Castigo para unos candidatos y apoyo para otros, fue la respuesta de los electores latinos ante las elecciones de noviembre en Nevada.

Si bien los resultados dieron como ganador a Brian Sandoval, nuevo gobernador del Estado de Nevada, los porcentajes no incluyen un aporte significativo de votos hispanos. Antes bien, los votos latinos mantuvieron al Senador demócrata Harry Reid en su escaño, apoyándolo en su lucha por la reelección a la Cámara Alta.

Un 90% de los electores del circuito, dieron su voto a Reid. En respuesta al apoyo recibido, Reid ratificó su compromiso de llevar sus proyectos a plenaria de la Cámara del Senado, tal como ofreció durante su campaña.

En el mismo acto Nevada elegía al republicano Brian Sandoval como el primer gobernador latino, llevando a la derrota al candidato demócrata Rory Reid. Así, este proceso pone en evidencia como nunca antes un nuevo factor de "poder" en el acontecer político: el voto latino, el voto inmigrante tiene peso.

Votos en contra en lugar de votos a favor

Se debe estudiar con detenimiento las verdaderas razones del triunfo del Senador Reid en Nevada. Para algunos analistas los votos fueron una forma de rechazo a la candidata del Tea Party, Sharron Angle, y a sus propuestas anti-inmigrantes. Apenas Un escaso 8% del los latinos le dieron su voto, según determinó la organización Decisión Latina a través de una encuesta.

El voto de castigo fue evidente en estas elecciones, pues Brian Sandoval también apoyó la controvertida Ley Arizona, no obstante ello, venció en la contienda para la gobernación.

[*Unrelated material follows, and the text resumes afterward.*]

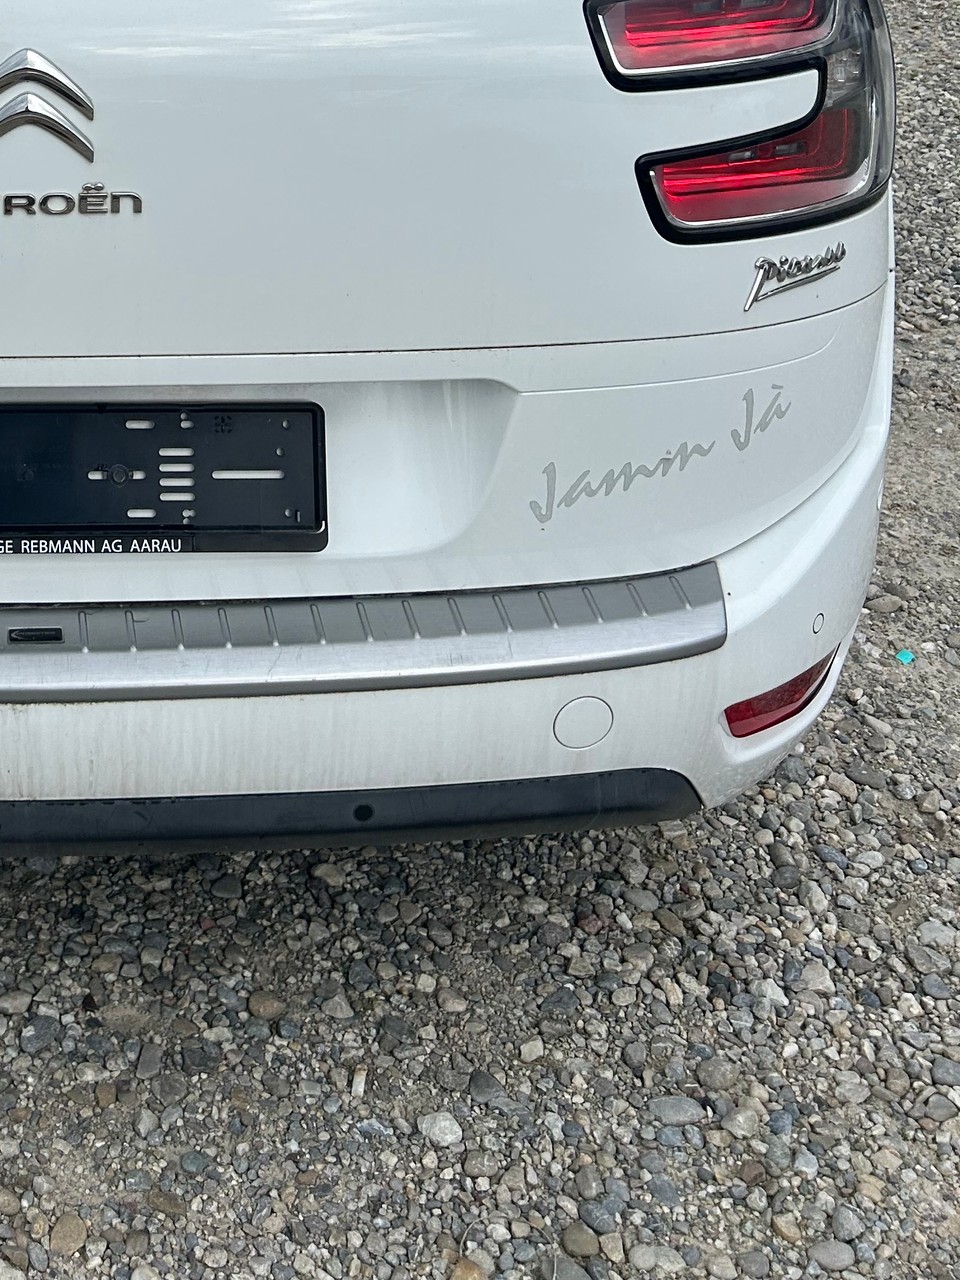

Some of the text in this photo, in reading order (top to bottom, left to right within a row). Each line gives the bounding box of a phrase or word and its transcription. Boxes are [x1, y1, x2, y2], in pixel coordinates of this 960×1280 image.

[21, 539, 95, 553] REBMANN
[101, 539, 123, 553] AG
[130, 538, 182, 553] AARAU

Hay que recordar que Angle llegó al extremo de calificar a los hispanos como delincuentes, mientras que de Reid dijo era “el mejor amigo de los ilegales”.

Aunque el hecho de que los Republicanos incorporen a latinos en altos cargos podría interpretarse como una apertura hacia ese sector, lo cierto es que lo hacen desconociendo en muchos casos los problemas y necesidades de la comunidad hispana.

Latinos: Votantes más exigentes

Una curiosa encuesta a través de Twitter, daba cuenta de que en 47 estados, la mayoría de los electores reconoció haber ejercido el voto "contra alguien" en lugar de hacerlo "a favor de alguien".

Podría afirmarse entonces que, el voto latino requiere algo más que simples promesas hechas por lo general a la ligera y como último recurso para salvar las elecciones. La población inmigrante comienza a tomar conciencia de sus muchos aportes al país y del rol que les corresponde, y por ende comienzan también las exigencias.